Example: ThreatNG discovers an organizational mobile app and analyzes its contents, flagging the presence of a hardcoded Amazon AWS Access Key ID or GitHub Access Token. This is a direct risk, as these keys could be used by an attacker to access the AI agent's underlying cloud resources, leading to data exfiltration or system tampering.
Continuous Monitoring
ThreatNG provides Continuous Monitoring of the external attack surface and digital risk.
How it helps: Since leaked credentials can be pushed to a repository at any time, continuous monitoring is necessary to minimize the exposure window. If a developer attempts to revoke a leaked key but accidentally pushes it back later, ThreatNG's continuous scanning immediately detects its reappearance, preventing a recurrence of the risk.
Investigation Modules
These modules enable analysts to locate and contextualize the exposed credential within its broader risk framework.
Highlight and Examples:
Online Sharing Exposure: This module identifies an organization's presence on code-sharing platforms such as Pastebin and GitHub Gist.
Example: An analyst uses this module to find a Pastebin snippet of proprietary code that contains an unencrypted database password. This credential likely provides the AI agent with unauthorized access to a critical dataset, confirming the severity of the leak.
External Adversary View and MITRE ATT&CK Mapping: ThreatNG aligns findings with attacker methodologies.
Example: The compromise of an AI agent's service account credentials is automatically mapped to the corresponding MITRE ATT&CK technique, such as an Initial Access method. This helps security leadership prioritize the remediation of the leaked credentials based on its function as a high-value entry point for the adversary.
Intelligence Repositories
The Intelligence Repositories (DarCache) are used to prioritize the risk associated with compromised credentials.
How it helps: The Compromised Credentials (DarCache Rupture) repository provides continuous data on credentials found on the dark web. While AI agent keys are often unique, this repository helps inform the overall picture of compromised identities, which may include NHI Exposure findings. The Vulnerabilities (DarCache Vulnerability) repository also helps prioritize if a leaked credential grants access to a system with an actively exploited KEV vulnerability.
Cooperation with Complementary Solutions
ThreatNG's high-certainty intelligence about a leaked credential is used to automate security responses in other systems.

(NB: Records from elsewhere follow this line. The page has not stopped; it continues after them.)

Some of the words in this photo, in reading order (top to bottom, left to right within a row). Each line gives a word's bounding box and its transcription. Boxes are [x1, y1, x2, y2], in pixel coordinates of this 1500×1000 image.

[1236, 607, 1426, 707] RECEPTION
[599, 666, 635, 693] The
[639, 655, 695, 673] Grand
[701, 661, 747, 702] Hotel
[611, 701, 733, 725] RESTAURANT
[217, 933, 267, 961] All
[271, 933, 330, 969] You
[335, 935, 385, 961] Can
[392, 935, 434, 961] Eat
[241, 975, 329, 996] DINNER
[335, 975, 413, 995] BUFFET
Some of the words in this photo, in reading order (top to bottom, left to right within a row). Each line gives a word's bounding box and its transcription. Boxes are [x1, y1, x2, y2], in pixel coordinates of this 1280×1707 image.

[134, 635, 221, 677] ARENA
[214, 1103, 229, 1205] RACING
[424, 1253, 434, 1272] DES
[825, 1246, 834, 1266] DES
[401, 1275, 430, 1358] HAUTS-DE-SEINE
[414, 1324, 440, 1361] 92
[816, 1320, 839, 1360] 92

Cooperation with Secrets Management Platforms: ThreatNG identifies a leaked credential via NHI Exposure.
Example: This external finding is routed to a complementary Secrets Management platform, which triggers an automated workflow to revoke or rotate the exposed key. This action neutralizes the attacker's ability to use the stolen AI agent credential, protecting the AI infrastructure it was designed to access.

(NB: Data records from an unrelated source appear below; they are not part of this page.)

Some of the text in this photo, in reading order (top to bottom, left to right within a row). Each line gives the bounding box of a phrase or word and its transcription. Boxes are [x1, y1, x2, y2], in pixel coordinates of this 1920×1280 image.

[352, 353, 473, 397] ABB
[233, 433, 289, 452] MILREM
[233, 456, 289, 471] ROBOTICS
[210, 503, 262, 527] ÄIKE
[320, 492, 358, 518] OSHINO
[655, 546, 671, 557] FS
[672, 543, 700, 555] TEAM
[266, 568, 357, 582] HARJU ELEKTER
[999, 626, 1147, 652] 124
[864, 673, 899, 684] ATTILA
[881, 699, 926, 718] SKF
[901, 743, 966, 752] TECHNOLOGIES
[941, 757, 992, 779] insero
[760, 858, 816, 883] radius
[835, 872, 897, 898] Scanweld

Cooperation with Security Orchestration, Automation, and Response (SOAR) Systems: High-priority findings, like a leaked credential, are used to trigger automated remediation.
Example: The finding of a leaked Stripe API Key is passed to a complementary SOAR system, which then automatically creates a high-priority ticket in the internal system and simultaneously contacts the Finance/Security team to confirm and manually revoke the key in the payment gateway.